Our results support the hypothesis that fixations on one region of the face dominate scanning patterns. Participants looked at the eye region for longer periods of time than the other regions in all four experimental conditions, even if modifications to the nose and mouth were relevant in two-thirds of the trials. Furthermore, spending most time on the eyes did not prevent participants from accurately making featural and configural discriminations regarding the nose and the mouth.

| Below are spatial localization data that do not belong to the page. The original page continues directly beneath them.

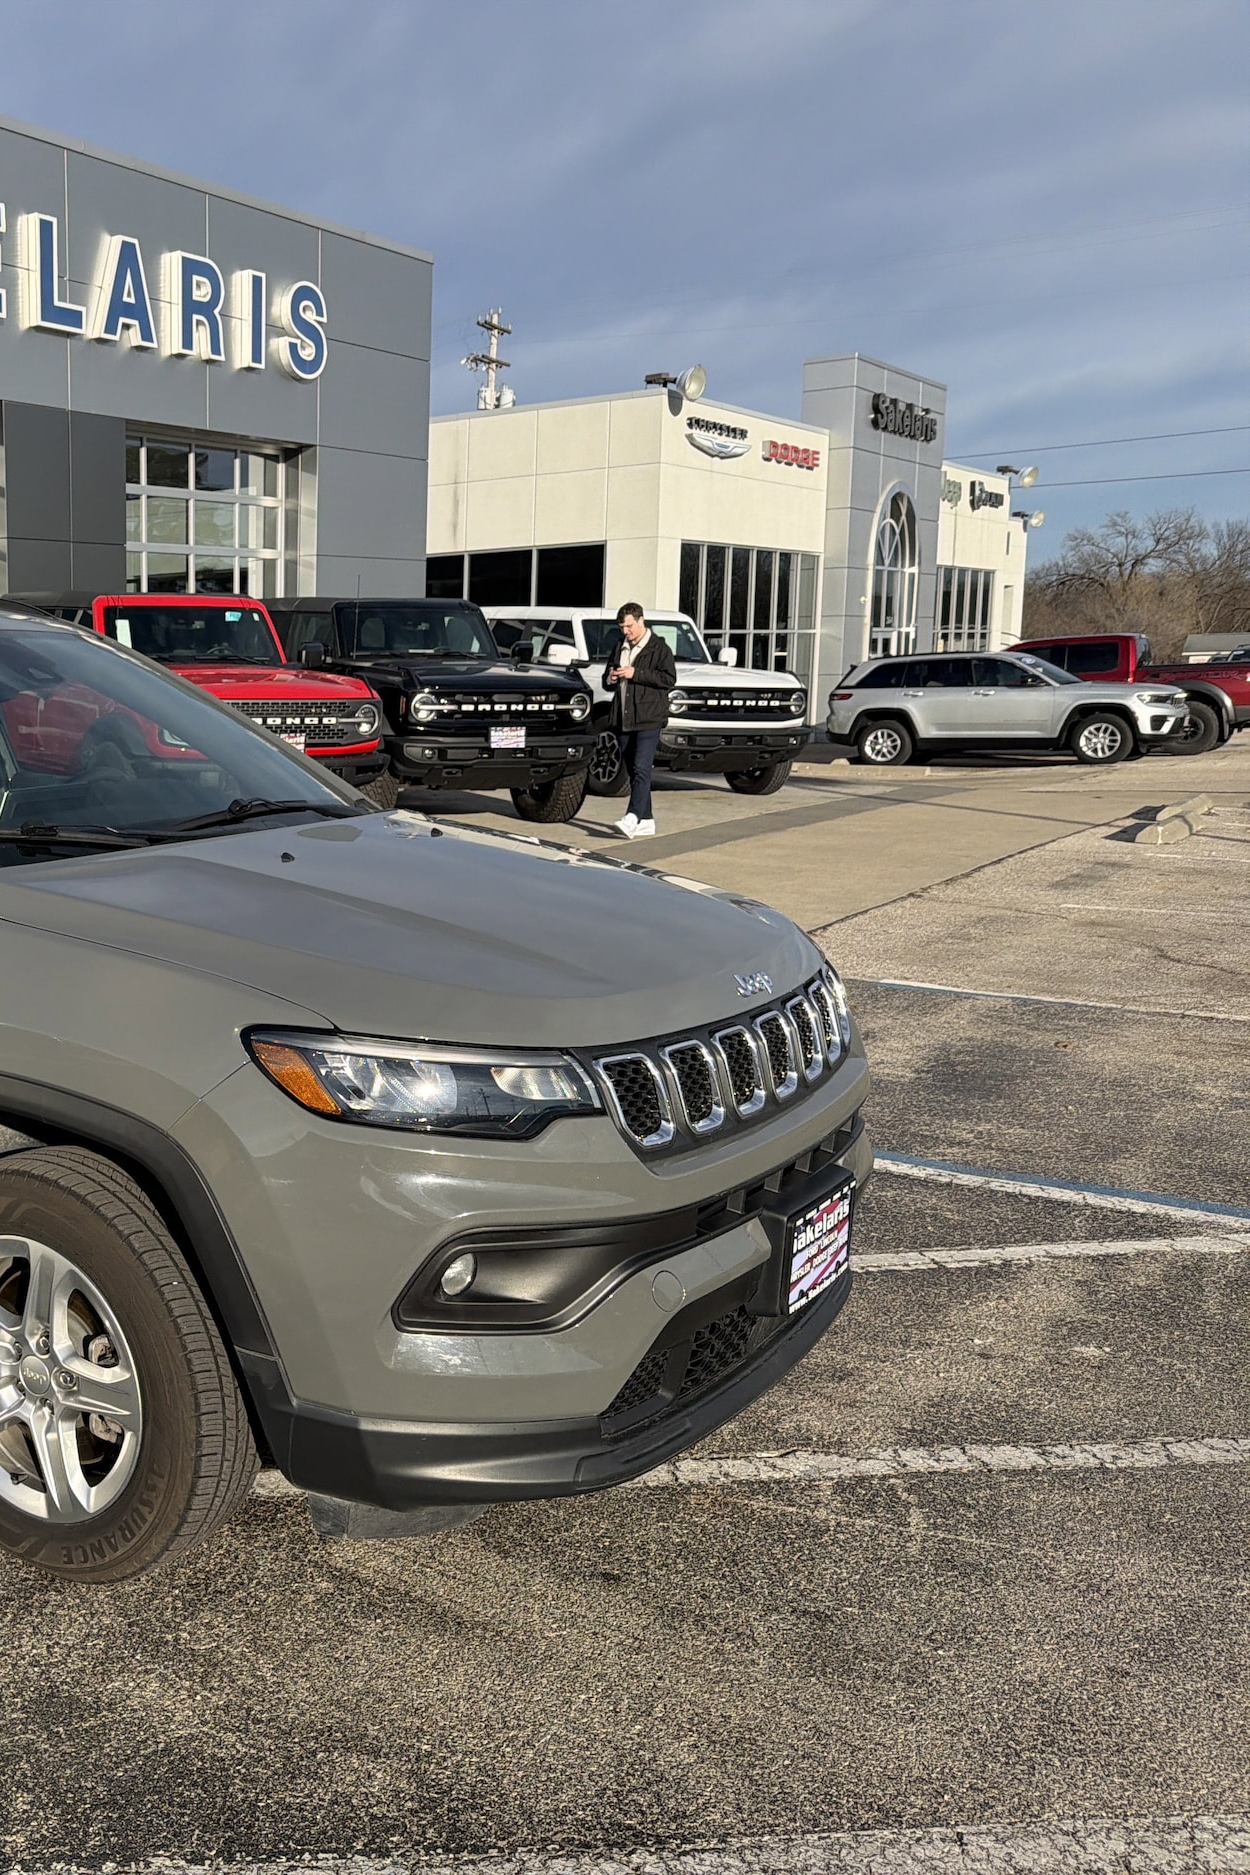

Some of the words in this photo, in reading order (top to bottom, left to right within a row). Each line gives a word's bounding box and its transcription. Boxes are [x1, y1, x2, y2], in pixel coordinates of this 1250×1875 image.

[686, 416, 748, 441] CHRYSLER
[869, 393, 937, 444] Sakelaris
[762, 440, 820, 471] DODGE
[460, 703, 555, 712] BRONCO
[707, 699, 780, 707] BRONCO
[251, 716, 337, 725] ONCO
[732, 970, 773, 998] Jeep
[790, 1261, 811, 1283] HRYSLER
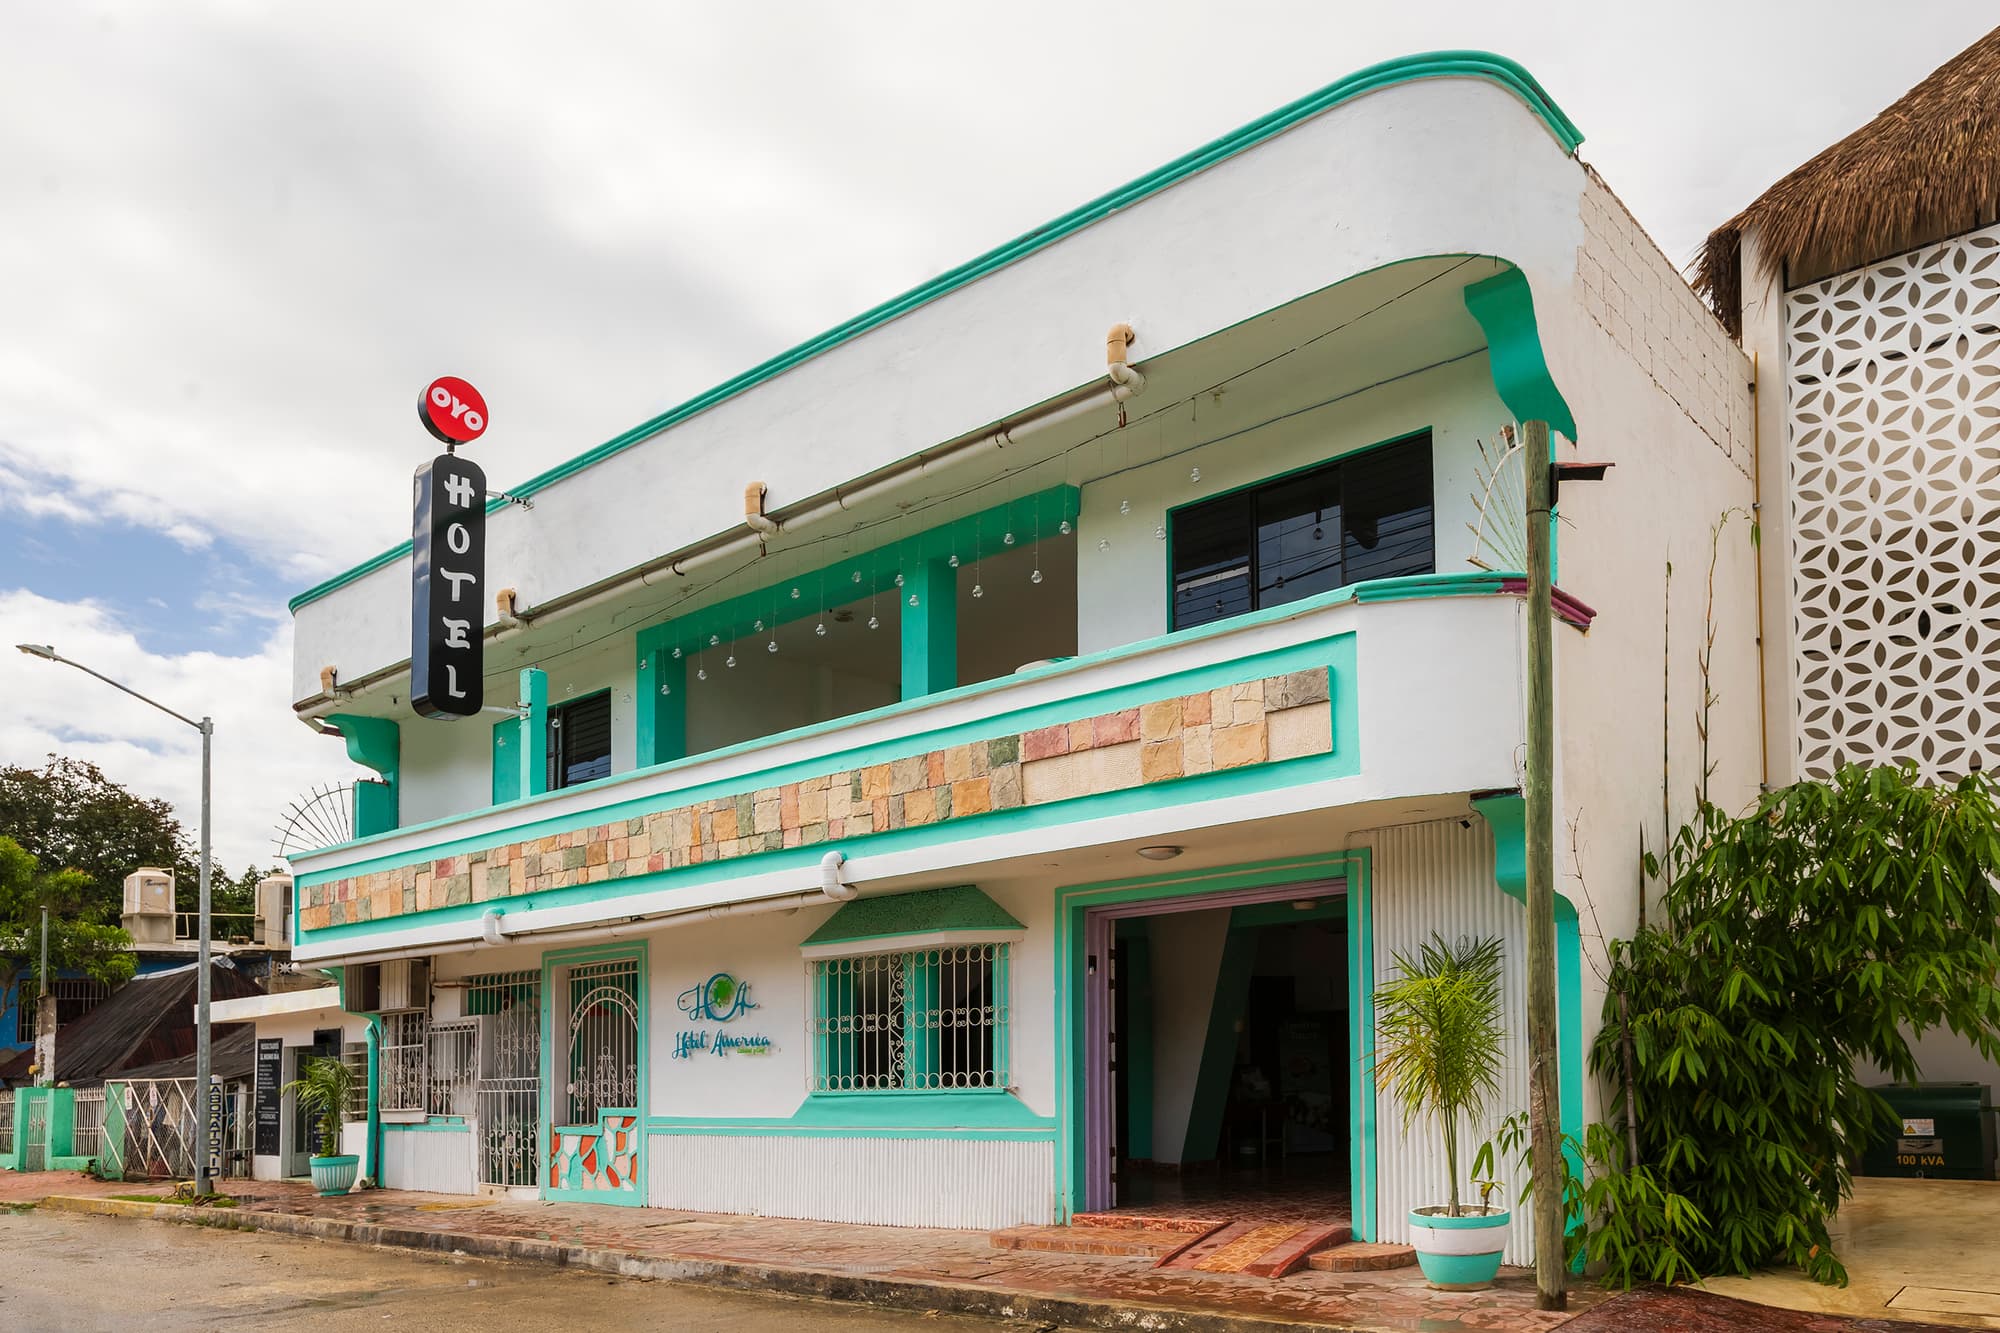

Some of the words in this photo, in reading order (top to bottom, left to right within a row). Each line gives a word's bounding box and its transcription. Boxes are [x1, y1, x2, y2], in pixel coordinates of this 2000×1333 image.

[430, 386, 484, 432] OYO
[439, 473, 476, 698] HOTEL
[671, 1030, 706, 1059] Hotel
[209, 1077, 222, 1177] LABORATORIO
[1897, 1154, 1916, 1166] 100
[1920, 1154, 1945, 1166] kVA

This result supports the importance of the eyes in face scanning (e.g., Althoff & Cohen, 1999; Walker-Smith, Gale, & Findlay, 1977; Xu & Tanaka, 2013; Yarbus, 1967) and face recognition (e.g., McKelvie, 1976; Fraser, Craig, & Parker, 1990; Haig, 1985, 1986; Tanaka & Farah, 1993; Walker-Smith, 1978).

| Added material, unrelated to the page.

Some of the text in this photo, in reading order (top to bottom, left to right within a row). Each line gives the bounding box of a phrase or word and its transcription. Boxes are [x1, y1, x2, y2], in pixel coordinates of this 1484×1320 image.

Finally, the scanning patterns we observed with upright faces were replicated with inverted faces. Whether inversion leads to qualitative or quantitative changes in face processing is controversial (e.g., Farah et al., 1998; Gauthier & Logothetis, 2000; Rossion, 2008; Sekuler et al., 2004) and studies that have examined this issue using eye movements have yielded inconsistent results (Barton et al. 2006; Hills, Sullivan, & Pake, 2012; Hills, Cooper, & Pake, 2013; Williams & Henderson, 2007; Schwaninger, Lobmaier, & Fischer, 2005a, b; Xu & Tanaka, 2013). We focus here on Xu and Tanaka (2013) because the manipulation they used is comparable to ours. Consistent with our findings, Xu and Tanaka (2013) found that inversion does not affect eye movements made during featural versus configural discriminations differently. However, inversion diminished the number of fixations on the eyes, while increasing the number of fixations on the mouth and nose. Because the focus of this study is not on inversion, we had not planned to test this pattern of results at the onset of the study. Nonetheless, we conducted a posteriori contrasts comparing proportion of time spent on each AOI in upright vs. inverted faces. None of the analyses reached, or were close to significance. Two differences between our study and that by Xu and Tanaka (2013) might explain this discrepancy. First, in Xu and Tanaka (2013), configural changes to the eyes were made by changing the distance between the eyes; here, configural changes were made by moving the eyes up or down. This discrepancy may have lead to processing differences because focusing on the eyes only would be sufficient for detecting a change in distance between the eyes, but not for detecting a change in the position of the eyes relative to the rest of the features. Moreover, in Xu and Tanaka (2013), the predicted effect of inversion on configural versus featural discriminations was not replicated (Freire et al., 2000; Leder & Bruce, 2000), suggesting that their manipulation may have differed in some important way from that used here and in these previous studies. In the current study, inversion had a greater negative impact on discrimination of configural modifications than featural modifications, yet we did not find differences in eye movements between the two conditions. This finding further supports the notion that featural and configural discriminations do not elicit distinct scanning patterns.

Experiment 2

In Experiment 1, participants were unaware of whether featural or configural information would be relevant for the task prior to presentation of the test stimulus. It is possible that this uncertainty drove participants to adopt a scanning strategy based on information that is diagnostic in natural viewing conditions, irrespective of the information relevant for the task at hand. To test this hypothesis, we replicated Experiment 1 while presenting featural and configural discriminations in separate blocks. Participants were informed regarding the nature of the task at the onset of each block, removing uncertainty regarding which kind of information would be relevant.